The state then hatched a new plan to stack tires 10-high and fill the cylindrical centers with concrete. Each bundle weighed about a ton.

While they stayed in place, scientists soon learned it was cheaper and more effective to make the reefs out of concrete balls because the tires didn't have enough surface area for marine life to attach.

Indonesia and Malaysia mounted enormous tire reef programs back in the 1980s and are just now seeing the ramifications from littered beaches to reef destruction, Sobel said.

Most states have since stopped using tires to create reefs but they continue to wash up worldwide. In 2005, volunteers for the Ocean Conservancy's annual international coastal cleanup removed more than 11,000 tires from beaches.

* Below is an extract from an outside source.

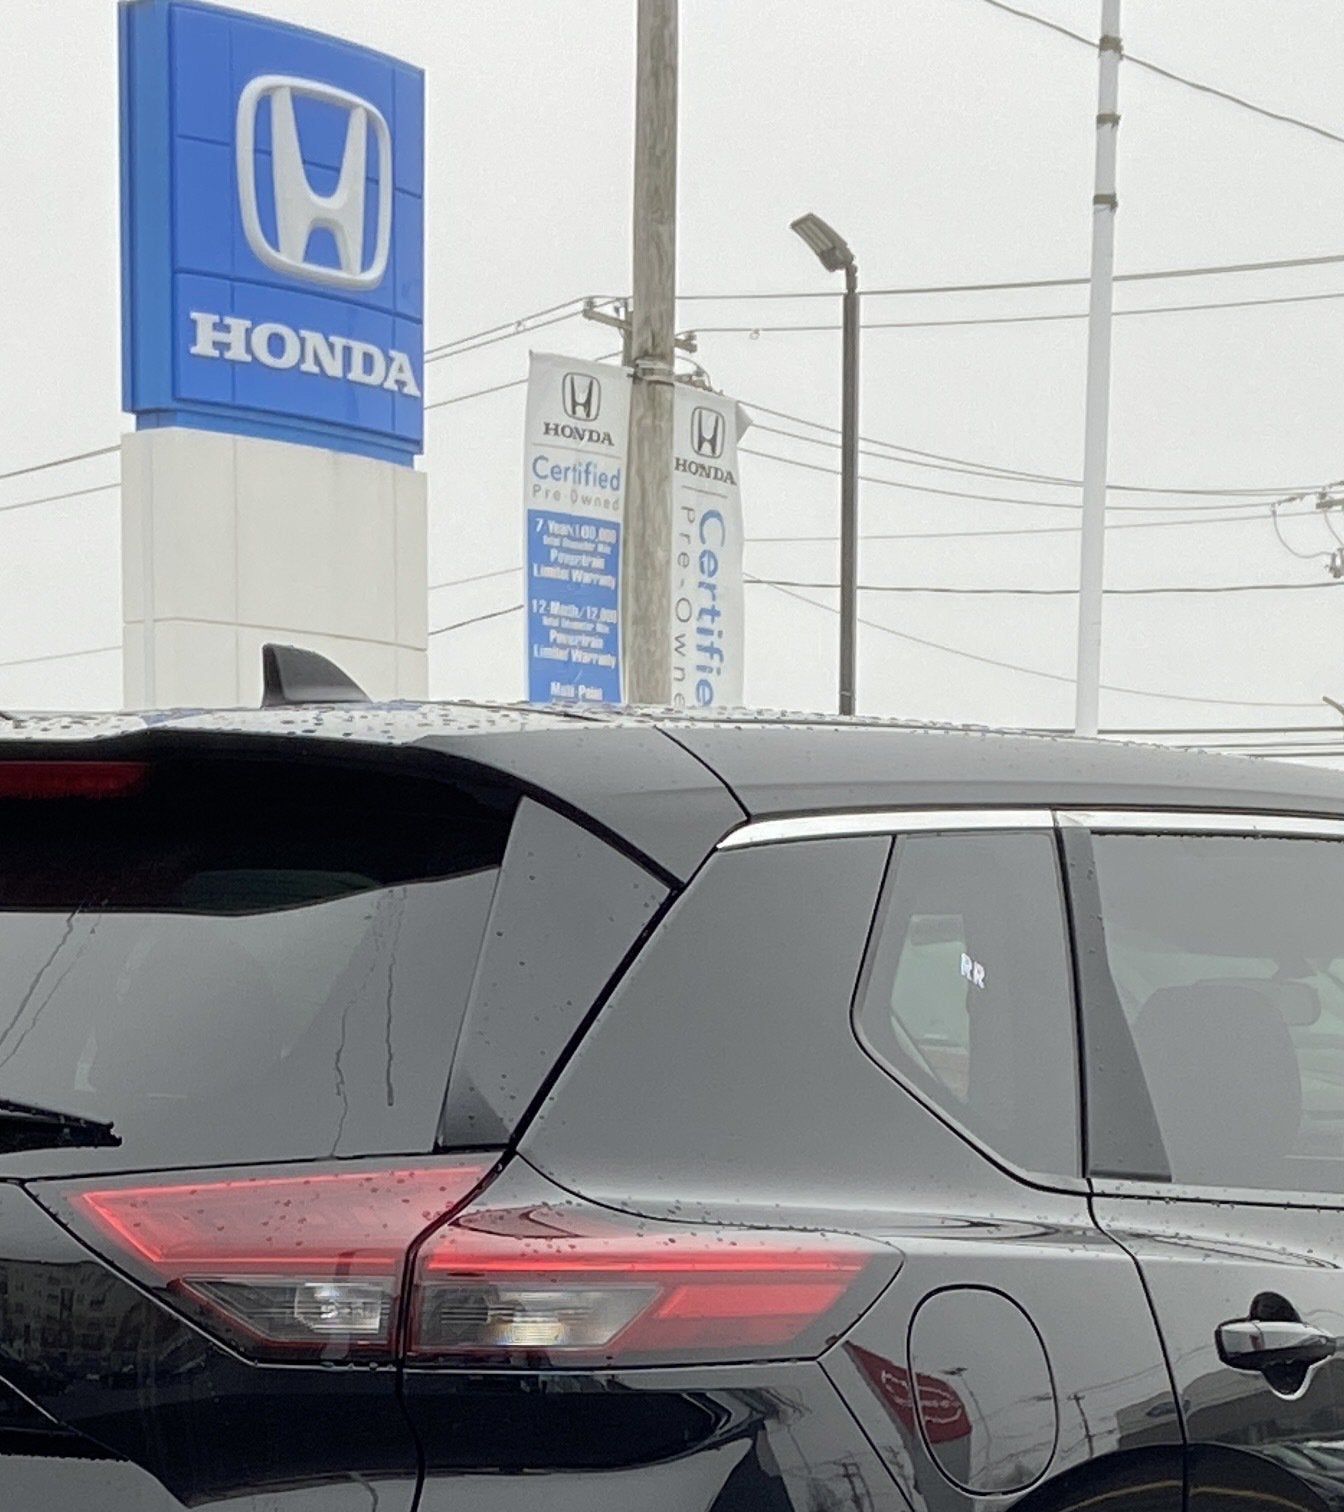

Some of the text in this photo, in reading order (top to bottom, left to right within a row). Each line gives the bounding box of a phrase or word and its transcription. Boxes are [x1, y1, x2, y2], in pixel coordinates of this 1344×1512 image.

The tires retrieved from the waters off Fort Lauderdale will be chipped for use in road projects and burned for fuel, among other reuses, as part of Florida's overall aggressive tire disposal program, said Michael Sole, chief of the state's Department of Environmental Protection.

"It's going to be a huge job bringing them all up," Sole said. "It's vigorous work. You have to dig the tires out of the sand."

Broward County marine biologist Kenneth Banks said the tires have degraded little, still bearing raised writing and whitewalls. They were dumped on sandy bottom between two natural reefs running parallel to shore. The biggest problem now is the loose tires gathered along the backside of the inner reef.

"If you look there now on the lower reef face there's two or three tires deep and nothing under it. Things just can't live there," Banks said. "It's hard to dive anywhere out there without seeing tires. It's really overwhelming ... like a landfill."